Phoenix Springs RECENSIONE
C’è un particolare fascino nel surreale, nell’approcciarsi a un’opera che ha un significato ma non vuole spiegartelo e nel cercare di capirlo addentrandosi nella psicologia interna dell’arte. Phoenix Springs è un gioco basato interamente su questo concetto, che non scende a patti col giocatore ma lo sfida a scoprire cosa si cela nel suo strano mondo.
Phoenix Springs RECENSIONE
Nel videogioco è raro trovare qualcosa di così fortemente dedicato a replicare narrazioni surrealiste ben più comuni in altri generi, come con libri quali I’m Thinking of Ending Things (e seguente adattamento cinematografico) o film come il recente Bo is Afraid.
Eppure l‘avventura punta e clicca del team Calligram Studio abbraccia pienamente pro e contro di questo tipo d’arte, comunicando sin dallo stile grafico come il loro gioco abbia una visione decisa che prende delle meccaniche comuni di altri titoli, ma non è veramente paragonabile a nessuno di loro (con qualche rara eccezione).
La storia è la principale attrazione, oltre allo spettacolare stile grafico che approfondirò a breve, e inizia con una scena in “Medias Res” di una donna seduta su un treno che passa attraverso il deserto. Non viene detto nulla su di lei fino a quando il giocatore non inizia ad interagire col mondo, mandando quindi un messaggio chiaro.
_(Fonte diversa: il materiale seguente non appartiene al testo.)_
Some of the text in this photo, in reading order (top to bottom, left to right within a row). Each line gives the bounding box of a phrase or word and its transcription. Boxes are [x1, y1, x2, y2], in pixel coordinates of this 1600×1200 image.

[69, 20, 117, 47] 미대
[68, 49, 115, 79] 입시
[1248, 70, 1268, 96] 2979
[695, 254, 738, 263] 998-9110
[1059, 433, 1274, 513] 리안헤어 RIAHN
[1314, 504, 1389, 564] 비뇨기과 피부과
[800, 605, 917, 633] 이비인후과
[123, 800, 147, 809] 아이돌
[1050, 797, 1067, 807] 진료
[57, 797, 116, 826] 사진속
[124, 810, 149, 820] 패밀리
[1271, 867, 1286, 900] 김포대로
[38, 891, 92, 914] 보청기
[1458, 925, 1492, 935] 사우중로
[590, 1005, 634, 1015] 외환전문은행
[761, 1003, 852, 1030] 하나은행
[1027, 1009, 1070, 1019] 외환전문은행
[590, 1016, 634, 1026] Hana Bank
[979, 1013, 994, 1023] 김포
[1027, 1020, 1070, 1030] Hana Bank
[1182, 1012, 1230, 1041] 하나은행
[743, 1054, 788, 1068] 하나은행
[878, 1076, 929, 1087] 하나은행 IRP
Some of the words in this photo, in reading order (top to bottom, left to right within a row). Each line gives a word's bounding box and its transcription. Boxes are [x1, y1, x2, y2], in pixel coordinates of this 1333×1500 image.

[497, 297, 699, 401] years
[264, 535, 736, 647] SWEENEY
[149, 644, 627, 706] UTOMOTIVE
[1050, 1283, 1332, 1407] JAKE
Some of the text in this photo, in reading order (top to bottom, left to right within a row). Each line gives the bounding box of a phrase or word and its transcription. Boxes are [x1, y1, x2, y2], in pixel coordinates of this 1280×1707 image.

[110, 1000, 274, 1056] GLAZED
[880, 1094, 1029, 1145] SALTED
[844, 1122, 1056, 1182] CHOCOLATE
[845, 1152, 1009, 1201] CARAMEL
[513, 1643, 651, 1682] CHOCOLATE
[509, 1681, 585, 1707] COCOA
Tutto è da scoprire attivamente. Ci sono delle brevi cutscene di tanto in tanto, ma anche queste sono sempre conseguenza di un’azione intrapresa dal giocatore, sia questa la risoluzione di un puzzle o l’interazione con un oggetto nell’ambiente di gioco.
Un viaggio in un mondo neo-noir dalle tinte fortemente surreali, dove ogni cosa è un mistero da scoprire
Scopriamo quindi di essere in controllo di Iris, una reporter alla ricerca del fratello Leo Dormer. Lo apprendiamo tramite la meccanica cardine di Phoenix Springs, cioè combinare i pensieri di Iris con oggetti e/o persone nell’aria circostante.
Non mi addentrerò nelle specifiche della narrazione, il gioco è piuttosto corto ed essendo una matrioska di misteri, spesso con risposte molto vaghe e aperte a interpretazione, rischierei di finire a fare un riassunto dell’avventura. Mi limito a dire che partendo dalla semplice combinazione di Iris + Leo Dormer, si intraprende una ricerca inquietante.
Il gioco non sfocia mai apertamente nell’horror, ma costruisce un’atmosfera molto suggestiva che utilizza degli elementi di horror psicologico, cosa che si sposa sempre molto bene con uno stile di scrittura ed estetica surreale (non per niente i due esempi di opere d’arte fatti prima sono entrambi esempi di horror psicologico).
Poco, ma intenso anche se…
Sfruttando due semplici meccaniche di esplorazione e di combinazione tra pensieri e oggetti/persone, l’avventura si sviluppa attraverso diversi stage, ognuno con un mistero centrale da risolvere ma molti altri da scoprire. Una cosa apprezzabile di Phoenix Springs è come sta al giocatore scoprire “di più”.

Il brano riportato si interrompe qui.